- Theatrical release poster
- Directed by: Indra
- Written by: Indra
- Produced by: Ravi Narayanan
- Starring: Indra Adhithi
- Cinematography: G. Sridhar
- Edited by: C. S. Prem
- Music by: Indra
- Production company: Ostrich Media Productions
- Release date: 2 June 2017;
- Country: India
- Language: Tamil

= Tubelight (2017 Tamil film) =

2017 Indian Tamil film by Indra

Tubelight is a 2017 Indian Tamil-language romantic comedy film written and directed by Indra in his debut along with composing the soundtrack.

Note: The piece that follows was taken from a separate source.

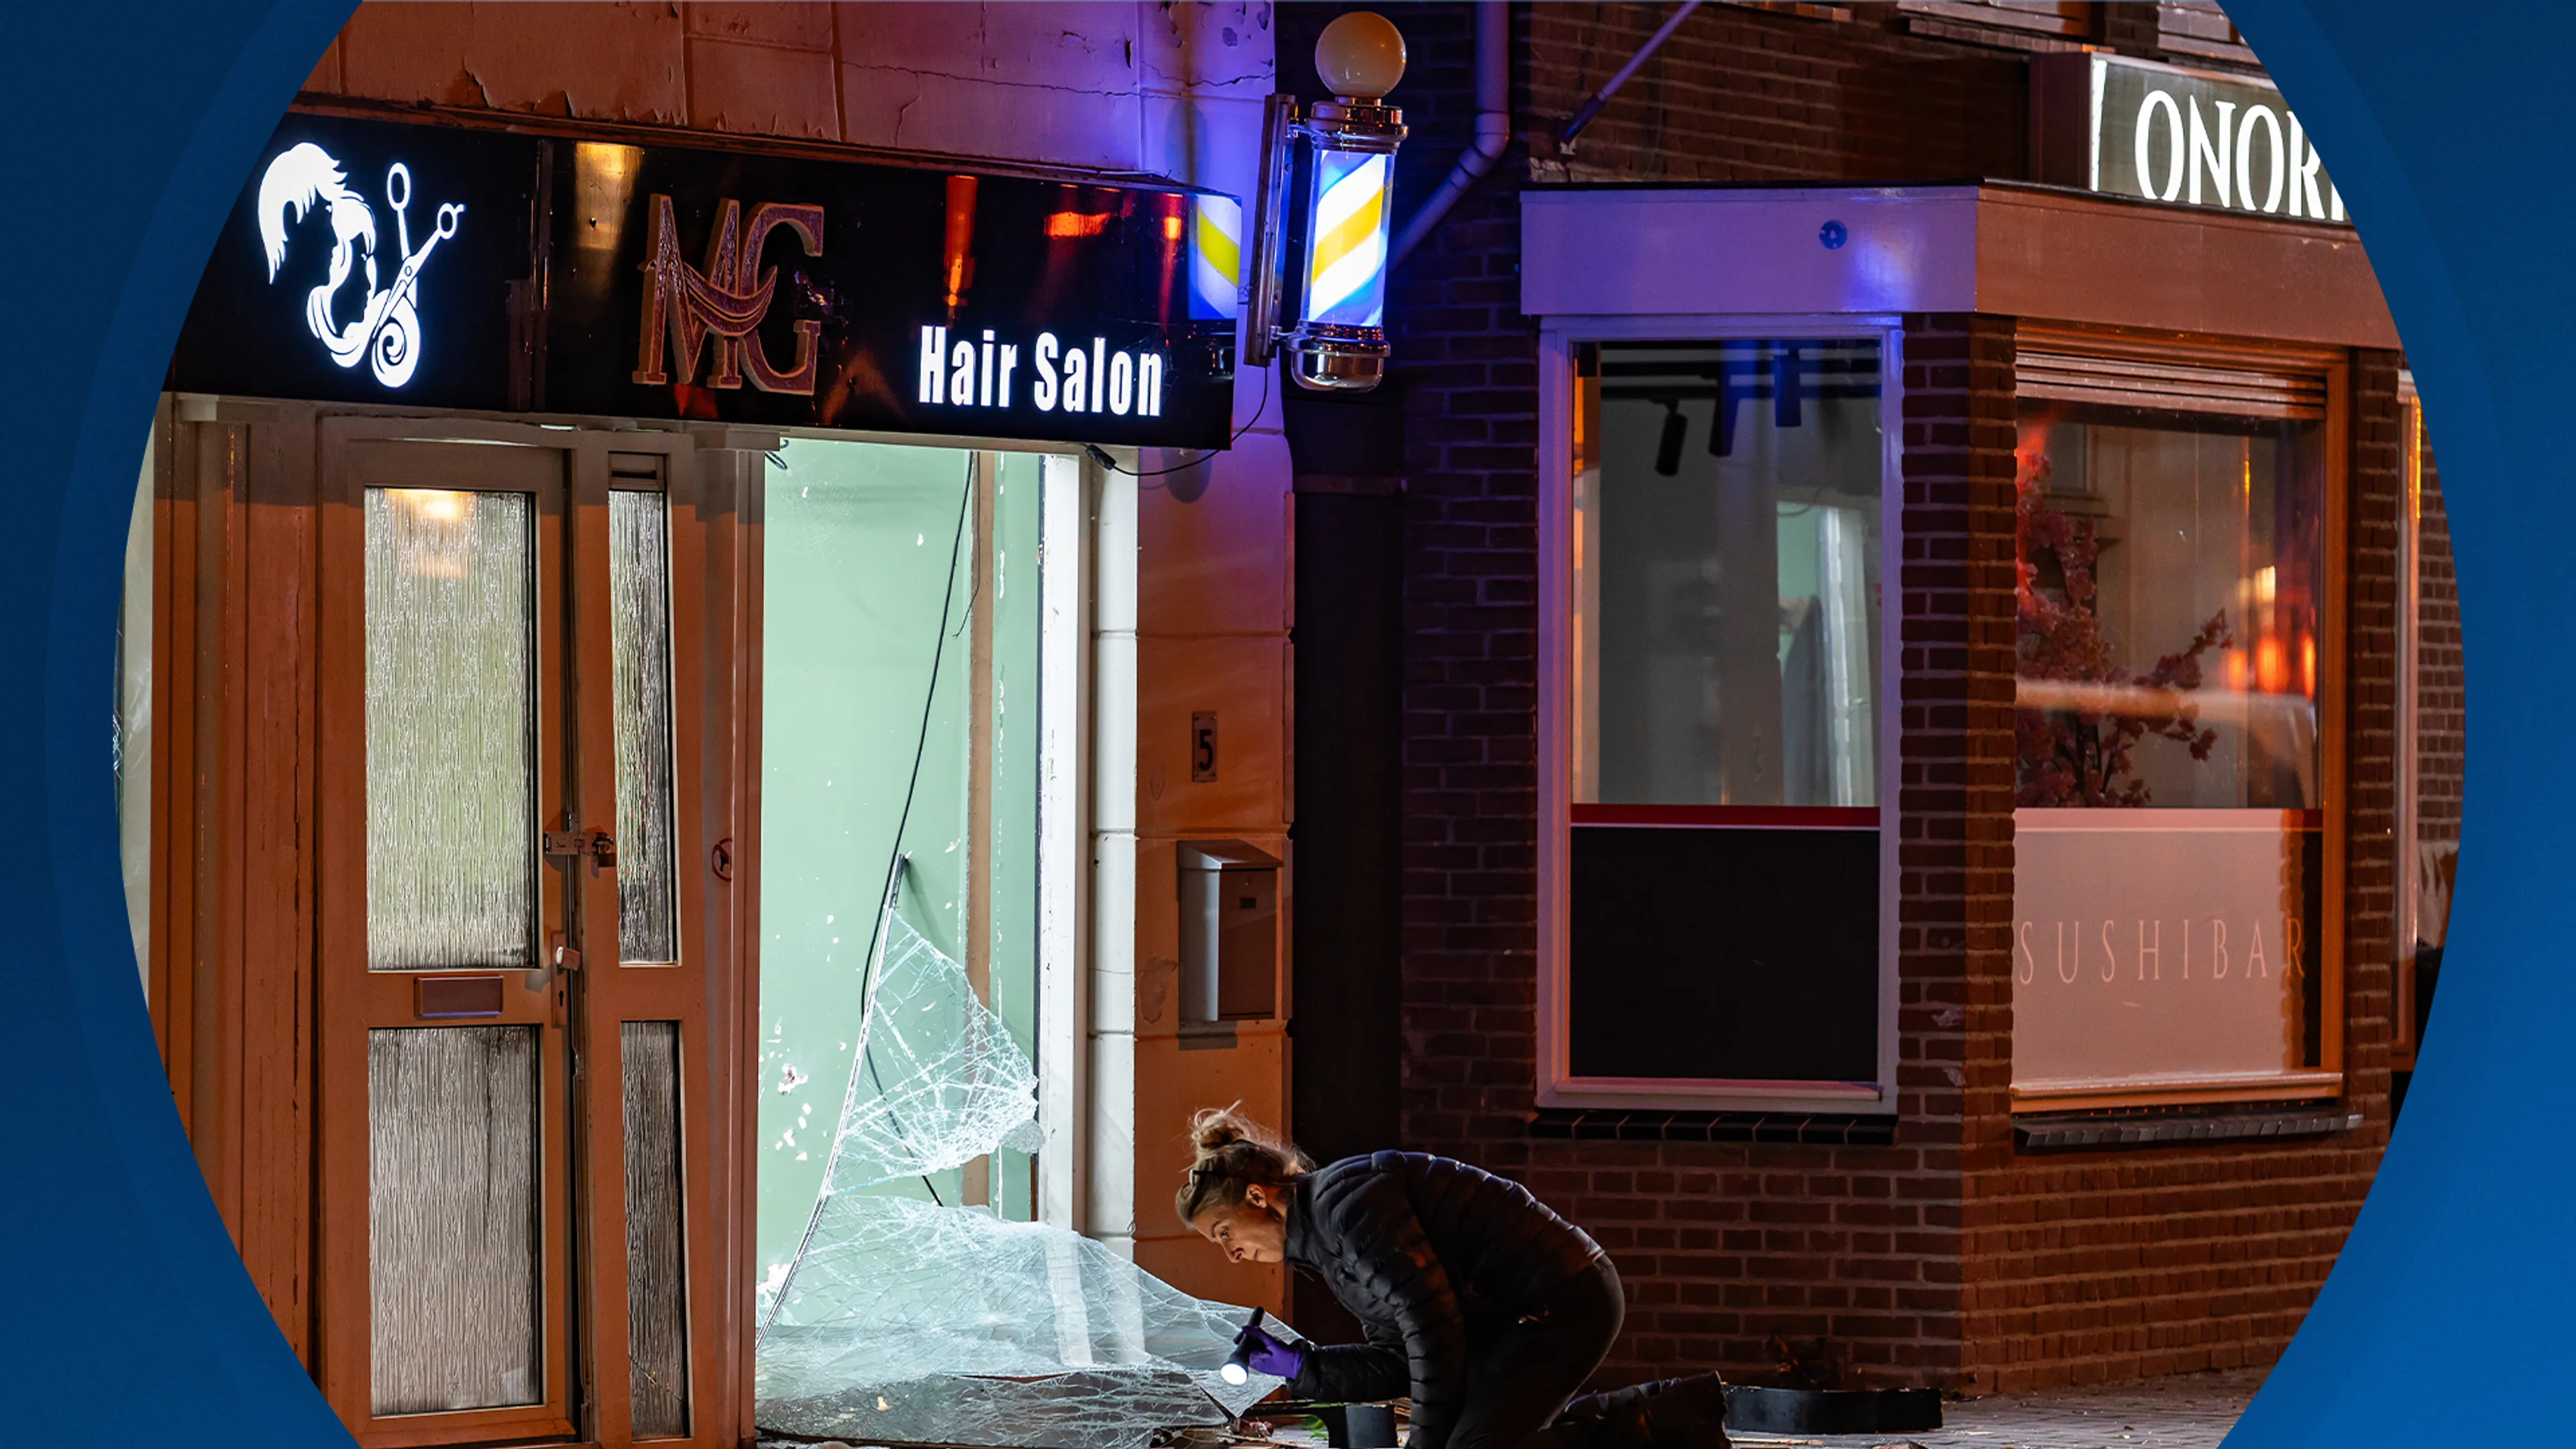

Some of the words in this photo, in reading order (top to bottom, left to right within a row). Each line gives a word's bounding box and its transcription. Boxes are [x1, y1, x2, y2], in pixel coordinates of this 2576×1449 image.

He also stars alongside Adhithi, with Pandiarajan in a supporting role. The film revolves around a man who is left with a hearing disability following an accident, but rejects his doctor's efforts to cure him after falling in love with an art therapy practitioner. The film was released on 2 June 2017.

== Plot ==

Following an accident, the victim Ram is left with a hearing disability – he can hear things only after a brief delay, of at least five seconds. Mouli, an unorthodox doctor, tries to cure his disability using unconventional means, but Ram, who has fallen in love with an art therapy practitioner named Hema, rejects Mouli's efforts.

== Production ==
Tubelight is the acting and directorial debut of Indra who also wrote the script. It was produced by Ravi Narayanan under Ostrich Media Productions. The film is also the acting debut of Adhithi.

== Soundtrack ==
The soundtrack was composed by Indra.

Track listing
| No. | Title | Lyrics | Singer(s) | Length |
|---|---|---|---|---|
| 1. | "Ceylon Silku Nila" | Tamilamudhan | Chinmayi | 3:55 |
| 2. | "Mella Va" | Karthik Neta | Vandana Srinivasan, Unni Menon | 3:52 |
| 3. | "Kaathirunden" | TamilAmudhan | Sooraj Santhosh, Indra | 3:01 |
| 4. | "Uruvam Enne En Maname" | TamilAmudhan | Sabari | 3:58 |
| Total length: |  |  |  | 14:46 |

== Release and reception ==
Tubelight was released on 2 June 2017. Sify said, "Director Indra shines with his comic writing that he makes us smile at constant intervals but as a film, Tubelight is just an average watch only because of the predictable second half and climax." M. Suganth of The Times of India said, "What is frustrating about Tubelight is how its debutant director, Indra (who is also the composer of the film), fails to take his concept and turn into a cohesive film."